In June, TechFlash's Todd Bishop chronicled the demise of many consumer products, including the Encarta encyclopedia and Microsoft Money. But the incubation groups, like Live Labs, or services, like Popfly, are more indicative of a directional shift. It's a direction I don't like seeing Microsoft go.
Microsoft's Short, Golden Age of Incubation
What a difference two years makes. In October 2007, over at Microsoft Watch, I blogged about Microsoft's state of reinvention. The company had numerous guerilla groups working on many cool and exciting incubation projects. Some of the most notable -- for example, Photosynth and Worldwide Telescope -- have brought accolades and new partnerships, with NASA being among them.
Microsoft is a middle-aging company, in an industry dominated by young upstarts. Many younger managers -- that's in Microsoft years, not necessarily physical age -- brought new ideas with these incubation projects. Younger managers and outsiders had been turning some Microsoft product groups into networks of loose startups.
I first perceived that Microsoft had entered incubation pullback mode, after the near closure of Live Labs in April 2009. Gary Flake, who founded Live Labs, describes its incubation approach in the Live Labs Manifesto: "We will deliberately not do many things that are already well-established within Microsoft. Instead we will seek to connect complementary efforts or to fill existing voids, so as to maximize impact for effort."
It's this kind of approach that could shake Microsoft's dependence on Office and Windows and open up new revenue streams along the emerging mobile device and Web applications stack.
But Bill Gates is no longer there to protect incubation project managers. Steve Ballmer has different priorities, as evidenced by recent Microsoft cutbacks and closures. Microsoft is now in state of retreat, as it grapples with the econolypse. Recent cutbacks and internal refocusing point to Microsoft making its core business market the top investment priority -- at the expense of anything else.
Retreat Before the Econolypse
On Thursday, the company will announce fiscal 2009 fourth quarter and yearly results. Wall Street consensus is for earnings per share to fall 21.7 percent year over year for the quarter and 9.1 percent for fiscal 2009. Microsoft's shortlist of problems:
- PC sales are down (although not as bad as analysts' forecasts three months ago).
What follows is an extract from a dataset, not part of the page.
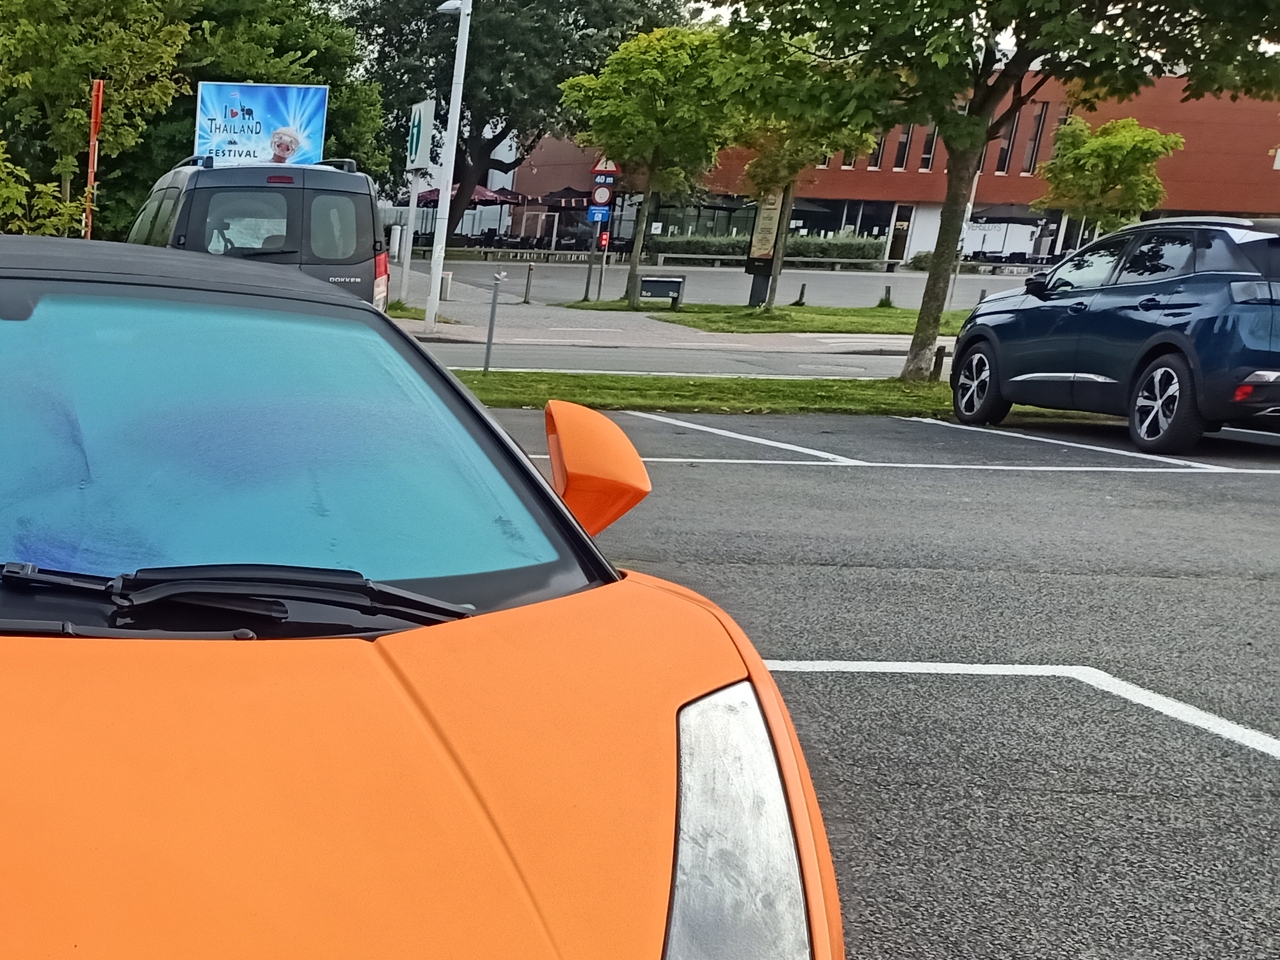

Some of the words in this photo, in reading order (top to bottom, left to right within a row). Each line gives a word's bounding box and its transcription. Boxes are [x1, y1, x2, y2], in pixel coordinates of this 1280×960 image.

- Most IT organizations have cut back technology spending.
- Most enterprises already have Microsoft software (e.g., reselling to them rather than generating new sales).
Microsoft's consumer product and incubation project cutbacks are Action A. Increased integration along the existing applications stack and refocused sales on enterprises is Action B. My contention: Microsoft is too focused on seeking to preserve existing revenue streams when creating newer ones should be a greater priority. Microsoft's self-preservation approach will compel its developers to bind new technologies to Office or Windows.
IBM followed a similar path in the 1980s, seeking to preserve its applications stack around the mainframe. While Big Blue released a PC, the company made protecting its legacy business priority. IBM and its mainframe business didn't go away, but its relevance diminished before a new applications stack. Microsoft faces similar challenge before the mobile-to-cloud applications stack.
Popfly is just the latest casualty of a status quo-preserving strategy that primes Microsoft to become the IBM of the 2010s -- unless there is a dramatic course correction.